2, 4. Sumat igitur ante omnia parentis erga discipulos suos animum, ac succedere se in eorum locum a quibus sibi liberi tradantur existimet. Ipse nec habeat vitia nec ferat. 5. Non austeritas eius tristis, non dissoluta sit comitas, ne inde odium, hinc contemptus oriatur. Plurimus ei de honesto ac bono sermo sit: nam quo saepius monuerit, hoc rarius castigabit; minime iracundus, nec tamen eorum quae emendanda erunt dissimulator, simplex in docendo, patiens laboris, adsiduus potius quam inmodicus. 6. Interrogantibus libenter respondeat, non interrogantes percontetur ultro. In laudandis discipulorum dictionibus nec malignus nec effusus, quia res altera taedium laboris, altera securitatem parit. 7. In emendando quae corrigenda erunt non acerbus minimeque contumeliosus; nam id quidem multos a proposito studendi fugat, quod quidam sic obiurgant quasi oderint.
NOTE
4. parentis… animum: Quintiliano ama la disposizione a cornice, allontanando termini grammaticalmente o logicamente congiunti per racchiudere tra essi altri termini (in questo caso “erga discipulos suos”) facendone un unico blocco concettuale. • nec ferat: in stretta relazione con nec habeat; proprio perché non ha vizi, non dove essere disposto a tollerarli negli altri.
5. austeritas… comitas: disposizione a chiasmo.

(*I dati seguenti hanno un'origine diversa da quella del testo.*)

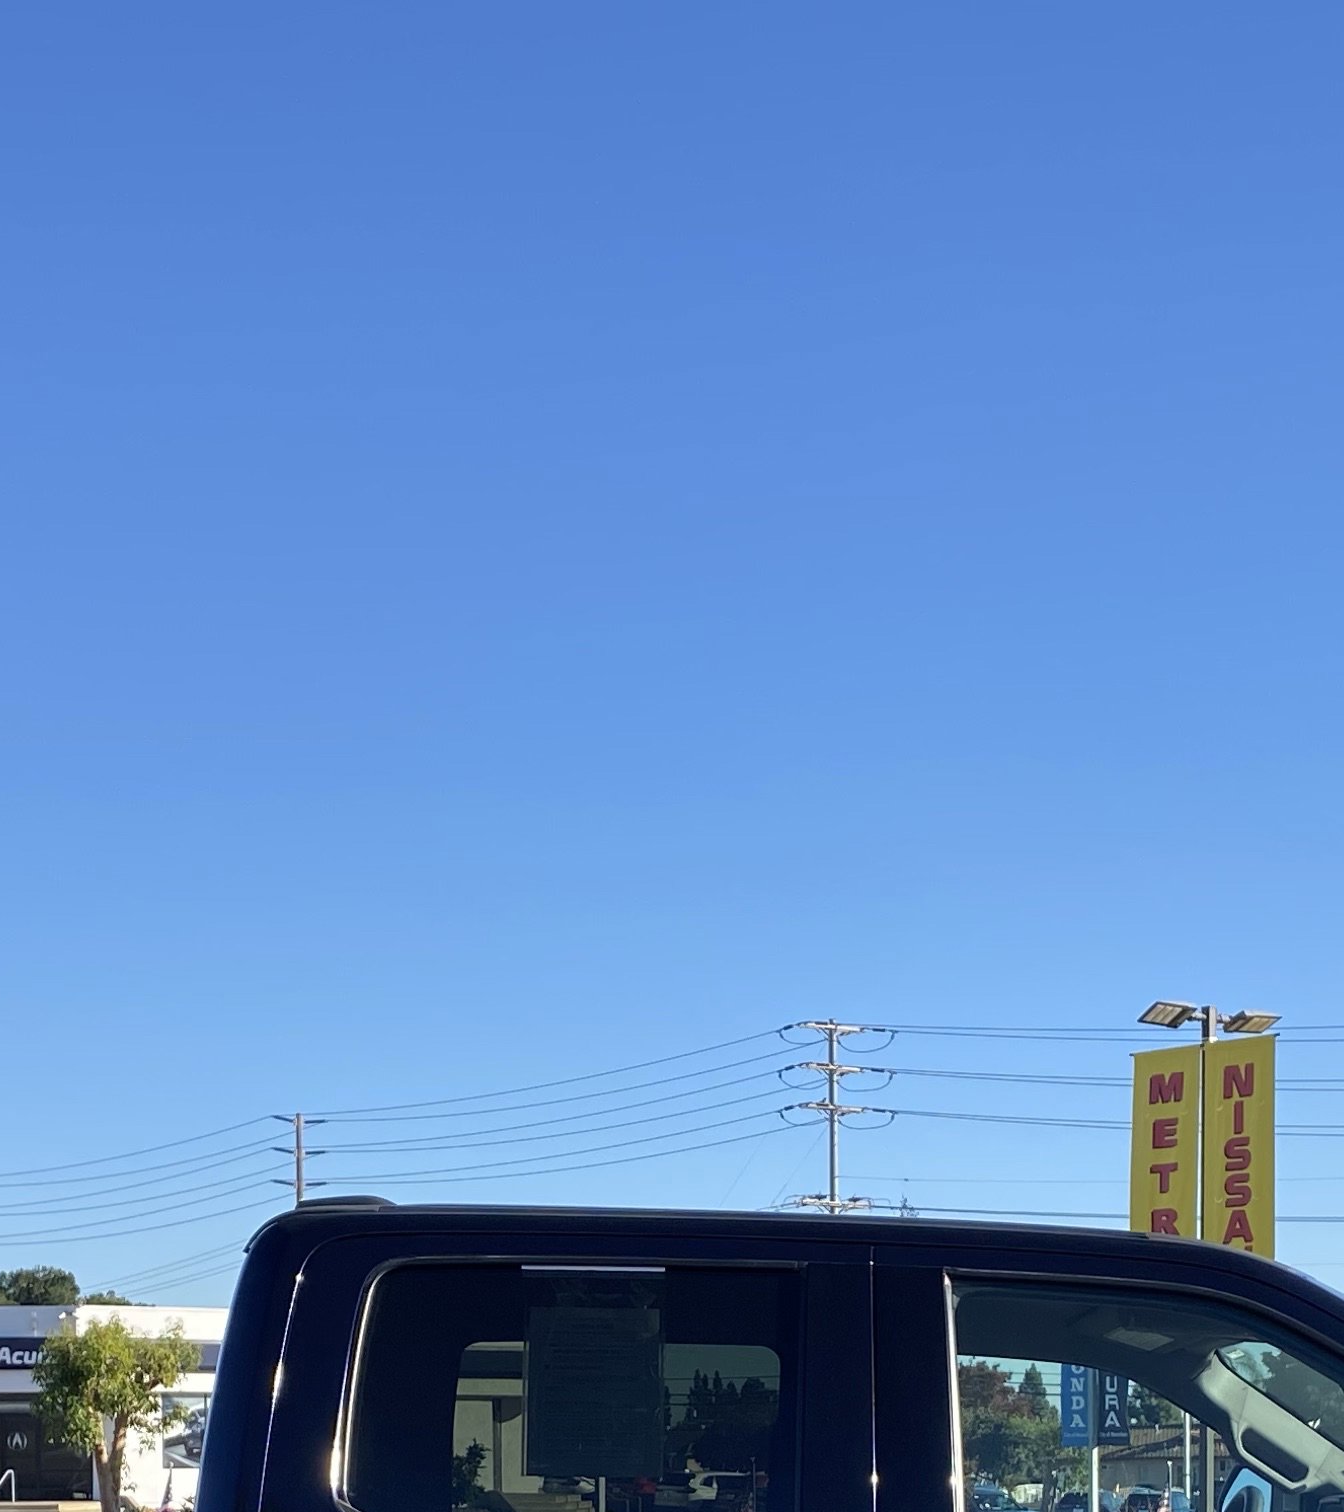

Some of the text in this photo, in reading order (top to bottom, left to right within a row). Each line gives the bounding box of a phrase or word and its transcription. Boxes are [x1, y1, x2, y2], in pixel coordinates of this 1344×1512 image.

Si osservino al centro i due aggettivi che segnalano una forma negativa della serietà e della cordialità: tristis significa «cupo», «tetro», mentre dissolutus, che etimologicamente rinvia a solvo, corrisponde all’idea di una cordialità così eccessiva da portare allo sbracamento. Quintiliano mette in guardia da un atteggiamento che è diffuso anche ai tempi nostri: quello dell’insegnante ‘amicone’ dei suoi allievi, che acquista in popolarità, ma perde in autorevolezza. • de honesto: rinvia all’astratto honestum; il richiamo ai valori è sempre in primo piano nell’insegnamento quintilianeo.
6. percontetur ultro: «interroghi di sua iniziativa»; ultro signfica «spontaneamente». • malignus… effusus: in malignus non c’è l’idea della malignità, ma della ristrettezza, quasi dell’avarizia, in questo caso ‘avarizia di parole’; malignus è opposto a effusus, derivato da fundere («versare», «riversare»), che indica invece eccesso, quasi un fiume di parole.
7. obiurgant… oderint: il loro rimprovero (obiurgare) vien fatto non al fine di correggere l’errore, ma di colpire l’allievo «come se provassero odio» (quasi oderint) nei suoi confronti.